- WHAT IS BEING ASKED
Nothing but the text of the records should come back; copy it exactly and leave the pictures out.

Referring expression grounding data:
------------------------------------

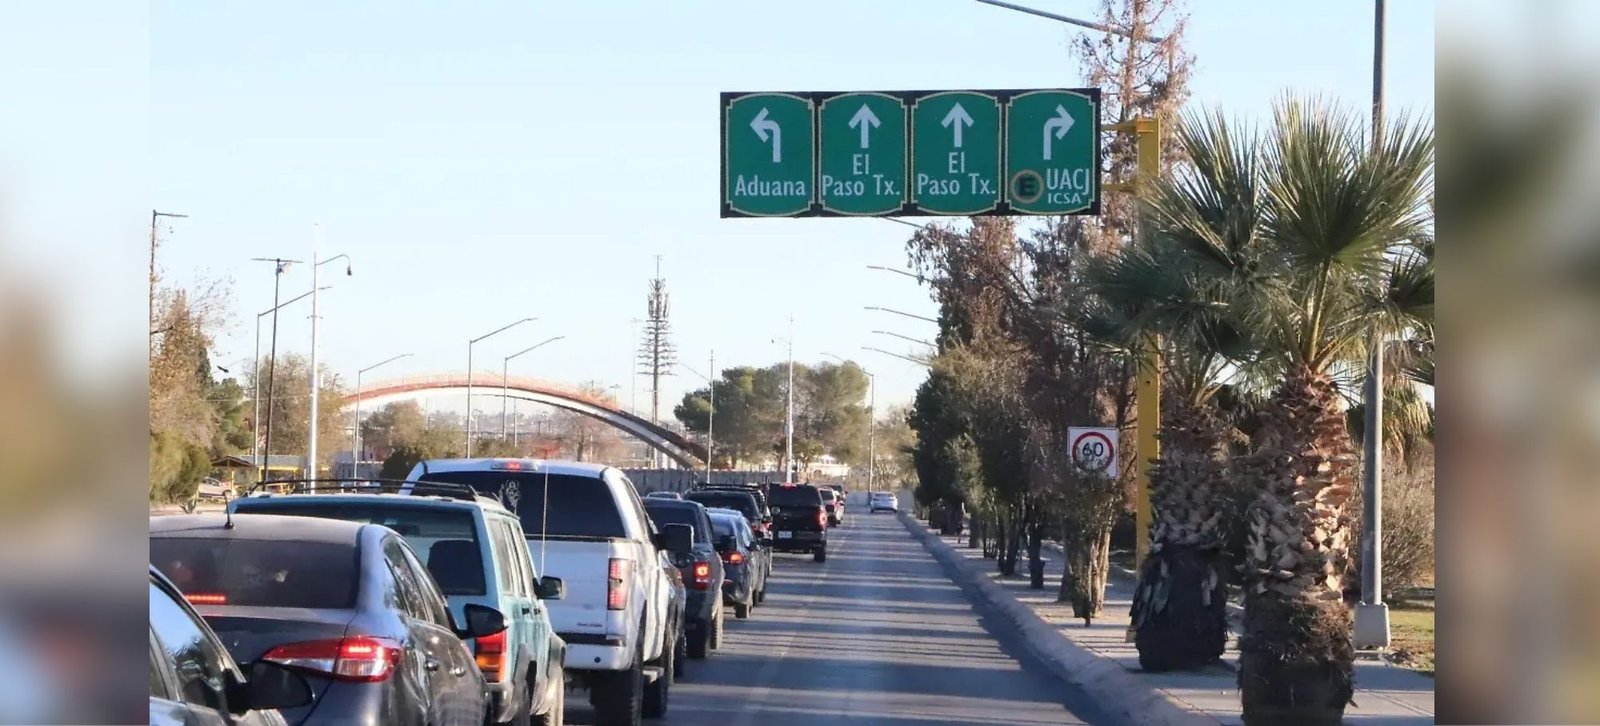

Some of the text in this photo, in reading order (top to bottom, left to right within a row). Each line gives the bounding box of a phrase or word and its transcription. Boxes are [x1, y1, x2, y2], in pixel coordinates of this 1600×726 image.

[852, 153, 870, 175] El
[948, 151, 966, 174] El
[735, 174, 806, 196] Aduana
[822, 174, 900, 196] Paso Tx.
[917, 173, 997, 196] Paso Tx.
[1046, 168, 1090, 196] UACJ
[1047, 192, 1082, 205] ICSA
[1082, 441, 1104, 457] 60
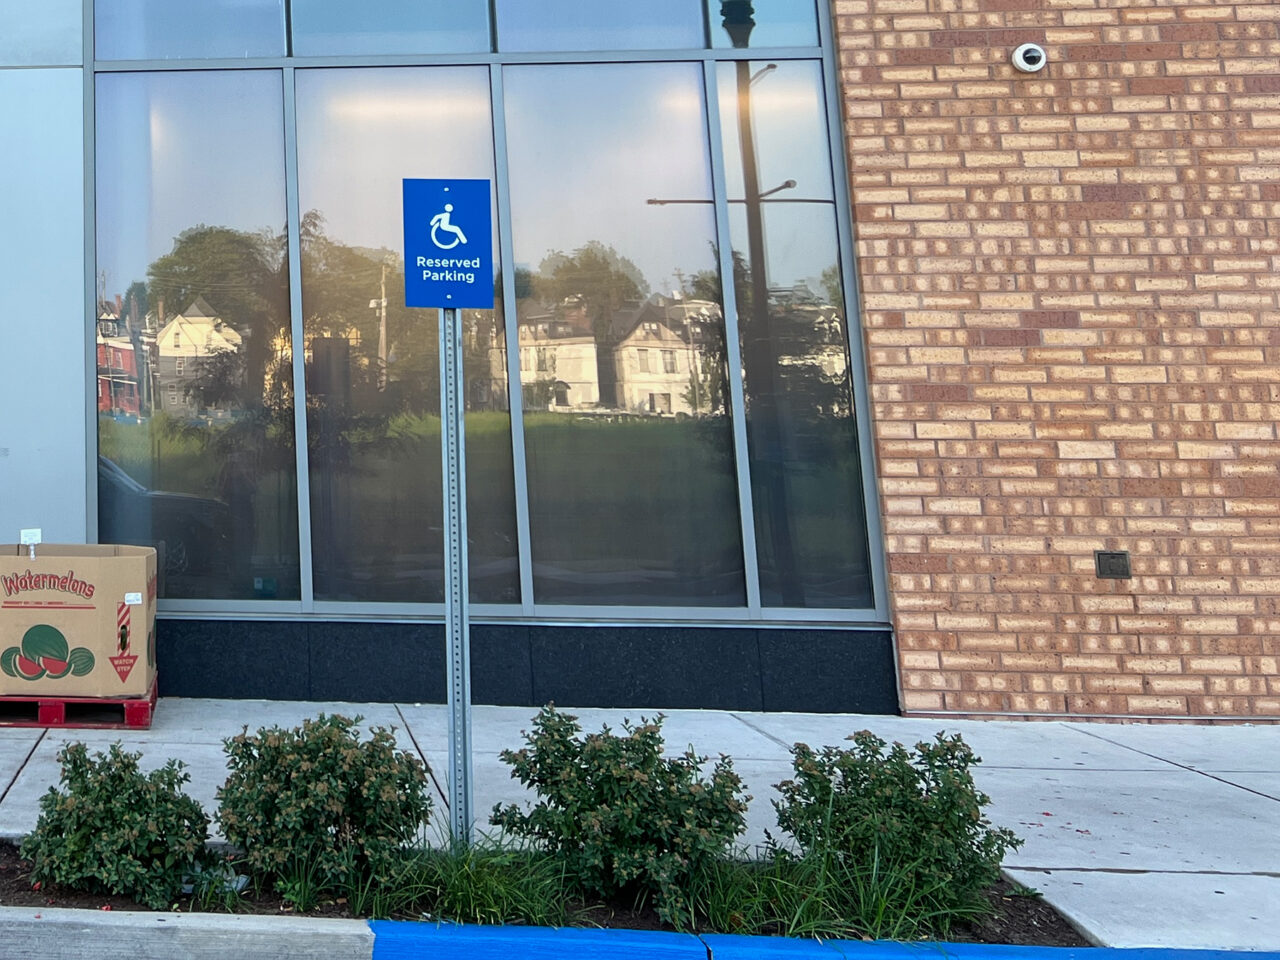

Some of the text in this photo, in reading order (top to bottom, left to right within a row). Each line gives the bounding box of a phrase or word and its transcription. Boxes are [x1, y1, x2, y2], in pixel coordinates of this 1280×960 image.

[416, 256, 480, 268] Reserved
[422, 270, 475, 284] Parking
[1, 569, 95, 599] Watermelons

------------------------------------

- EXERCISE ANSWER
Some of the text in this photo, in reading order (top to bottom, left to right within a row). Each line gives the bounding box of a phrase or word and its transcription. Boxes are [x1, y1, x2, y2], in pixel coordinates of this 1600×726 image.

[852, 153, 870, 175] El
[948, 151, 966, 174] El
[735, 174, 806, 196] Aduana
[822, 174, 900, 196] Paso Tx.
[917, 173, 997, 196] Paso Tx.
[1046, 168, 1090, 196] UACJ
[1047, 192, 1082, 205] ICSA
[1082, 441, 1104, 457] 60

Some of the text in this photo, in reading order (top to bottom, left to right within a row). Each line gives the bounding box of a phrase or word and its transcription. Boxes are [x1, y1, x2, y2], in pixel coordinates of this 1280×960 image.

[416, 256, 480, 268] Reserved
[422, 270, 475, 284] Parking
[1, 569, 95, 599] Watermelons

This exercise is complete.